Transcribe each record exactly. Omit the pictures.

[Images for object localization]
##########

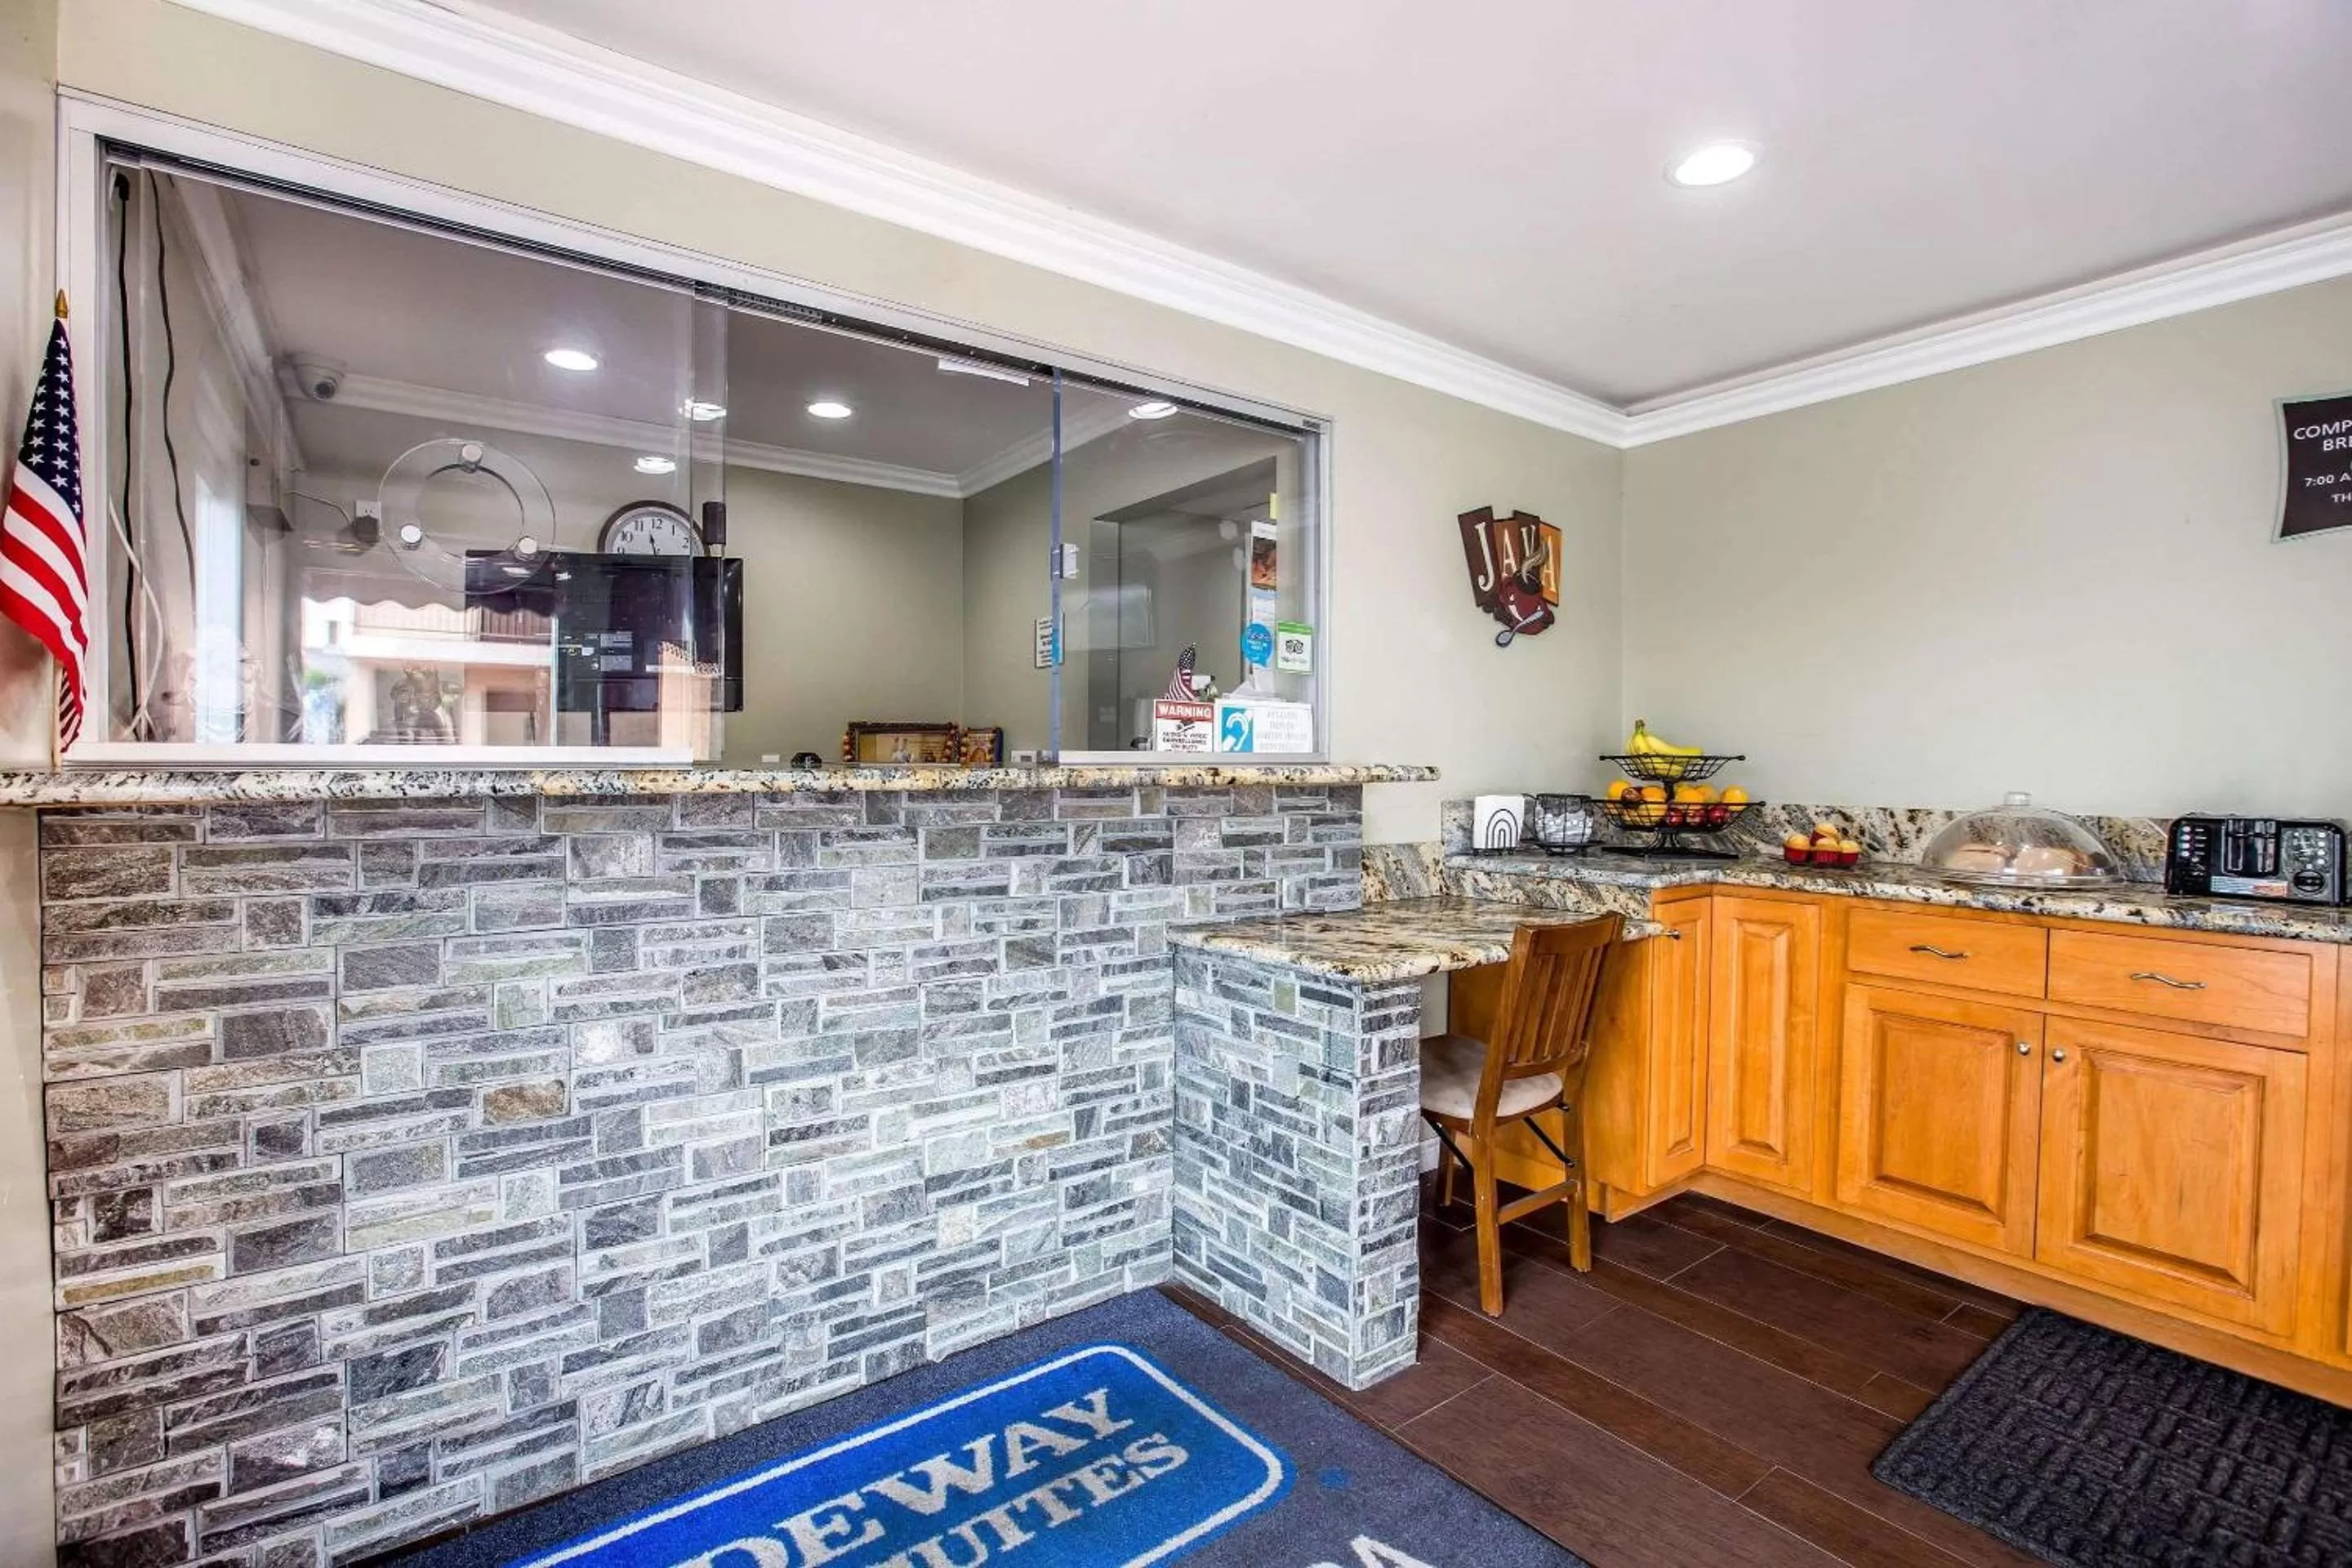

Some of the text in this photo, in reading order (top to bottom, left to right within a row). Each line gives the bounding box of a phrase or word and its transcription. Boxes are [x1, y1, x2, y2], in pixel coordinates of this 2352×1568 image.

[2293, 420, 2352, 440] COMP
[2305, 474, 2335, 487] 7:00
[635, 520, 644, 532] 11
[652, 518, 662, 529] 12
[671, 524, 675, 537] 1
[681, 537, 689, 549] 2
[1474, 521, 1557, 593] JAVA
[1158, 704, 1212, 719] WARNING
[866, 1432, 1189, 1568] UITES

##########

**Result of the exercise:**
Some of the text in this photo, in reading order (top to bottom, left to right within a row). Each line gives the bounding box of a phrase or word and its transcription. Boxes are [x1, y1, x2, y2], in pixel coordinates of this 2352×1568 image.

[2293, 420, 2352, 440] COMP
[2305, 474, 2335, 487] 7:00
[635, 520, 644, 532] 11
[652, 518, 662, 529] 12
[671, 524, 675, 537] 1
[681, 537, 689, 549] 2
[1474, 521, 1557, 593] JAVA
[1158, 704, 1212, 719] WARNING
[866, 1432, 1189, 1568] UITES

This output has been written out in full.